Les agents correctionnels ont plus souvent recours à la force face aux Autochtones
Radio-Canada
Les Autochtones et les Noirs incarcérés dans les pénitenciers fédéraux sont plus susceptibles de subir des incidents de recours à la force que les Blancs, révèle le dernier rapport annuel du bureau de l’enquêteur correctionnel (BEC). Service correctionnel Canada (SCC) accueille les conclusions de l'enquête avec réserve et entend les contrevalider avant de s’engager à réaliser un plan d’action.
Le 48e rapport annuel du BEC déposé jeudi au Parlement porte sur divers enjeux systémiques en milieu carcéral, dont le recours à la force, les services correctionnels pour femmes, l’enfermement restrictif et le suicide en prison.
L’analyse du recours à la force, qui se base sur près de 10 000 incidents s’étant produits de 2015 à 2020, a attiré l’attention de l’enquêteur correctionnel en raison du lien troublant relevé entre la race et les incidents.
Je suis particulièrement préoccupé par les conclusions de notre enquête, a déclaré l'enquêteur correctionnel Ivan Zinger en conférence de presse jeudi. Les conclusions cumulatives font état de lacunes sérieuses quant au respect en matière de détention sécuritaire et humaine par Service correctionnel Canada.
D’après les conclusions de cette analyse, les personnes de couleur – et tout particulièrement les Autochtones –, sont surreprésentés lors des incidents de recours à la force et à l’inverse, les Blancs se trouvent sous-représentés.
Les chiffres présentés dans le diagramme ci-dessus s'expliquent en grande partie par la proportion croissante de femmes autochtones en détention fédérale qui, au cours de la période étudiée, représentaient 60 % de toutes les femmes impliquées dans les incidents de recours à la force, tout en constituant 40 % de l'ensemble des détenues.
Indépendamment du niveau de risque, du niveau de sécurité, de l'âge, de la durée de la peine ou du sexe, le fait qu'une personne incarcérée s'identifie comme étant autochtone ou noire était associé à une plus grande probabilité d'implication dans un incident de recours à la force , a précisé M. Zinger.
Selon l’enquêteur correctionnel, cette situation est le reflet du racisme systémique préexistant dans la société en général et peut être attribuable à un manque de formation. Le personnel correctionnel est peut-être mal équipé pour désamorcer certaines situations de manière efficace lorsqu'il s'agit de personnes autochtones ou noires. Il peut s'agir de barrières culturelles, de préjugés inconscients, a avancé M. Zinger.

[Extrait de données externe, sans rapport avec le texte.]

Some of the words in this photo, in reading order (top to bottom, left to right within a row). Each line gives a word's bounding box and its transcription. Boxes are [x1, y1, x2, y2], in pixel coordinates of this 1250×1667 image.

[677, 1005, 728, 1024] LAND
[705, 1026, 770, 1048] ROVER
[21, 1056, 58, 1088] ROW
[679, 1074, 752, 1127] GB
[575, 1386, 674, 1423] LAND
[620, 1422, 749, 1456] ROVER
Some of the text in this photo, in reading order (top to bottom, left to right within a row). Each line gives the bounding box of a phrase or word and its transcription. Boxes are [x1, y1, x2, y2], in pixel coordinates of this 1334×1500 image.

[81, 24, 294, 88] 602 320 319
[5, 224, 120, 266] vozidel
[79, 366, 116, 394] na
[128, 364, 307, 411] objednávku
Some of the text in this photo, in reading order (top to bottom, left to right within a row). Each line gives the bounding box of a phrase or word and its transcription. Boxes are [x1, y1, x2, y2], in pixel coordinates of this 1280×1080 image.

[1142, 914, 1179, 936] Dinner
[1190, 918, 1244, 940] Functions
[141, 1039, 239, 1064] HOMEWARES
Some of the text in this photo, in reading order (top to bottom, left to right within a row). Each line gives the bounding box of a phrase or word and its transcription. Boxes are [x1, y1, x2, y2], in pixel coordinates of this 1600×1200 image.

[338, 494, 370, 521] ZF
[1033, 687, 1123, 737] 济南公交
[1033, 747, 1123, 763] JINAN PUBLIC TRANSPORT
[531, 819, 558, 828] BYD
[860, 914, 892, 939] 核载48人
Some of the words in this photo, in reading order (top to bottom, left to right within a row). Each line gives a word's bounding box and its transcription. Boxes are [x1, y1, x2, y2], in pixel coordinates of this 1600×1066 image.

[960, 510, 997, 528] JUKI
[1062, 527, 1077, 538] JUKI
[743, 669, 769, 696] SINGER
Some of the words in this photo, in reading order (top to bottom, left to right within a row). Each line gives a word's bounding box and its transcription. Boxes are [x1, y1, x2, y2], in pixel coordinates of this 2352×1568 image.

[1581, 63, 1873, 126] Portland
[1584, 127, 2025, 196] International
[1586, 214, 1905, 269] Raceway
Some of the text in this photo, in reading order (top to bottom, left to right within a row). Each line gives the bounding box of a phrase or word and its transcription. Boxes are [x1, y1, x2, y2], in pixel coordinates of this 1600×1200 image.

À son avis, un premier pas dans la bonne direction consisterait à reconnaître l’existence du racisme systémique, ce que n’a pas fait l’agence fédérale. La réponse que j'ai reçue [de Service correctionnel Canada] est, à mon avis, sur la défensive et inappropriée. Ils n'acceptent tout simplement pas les conclusions de notre enquête, a déploré M. Zinger en conférence de presse, en insistant à plusieurs reprises sur sa déception.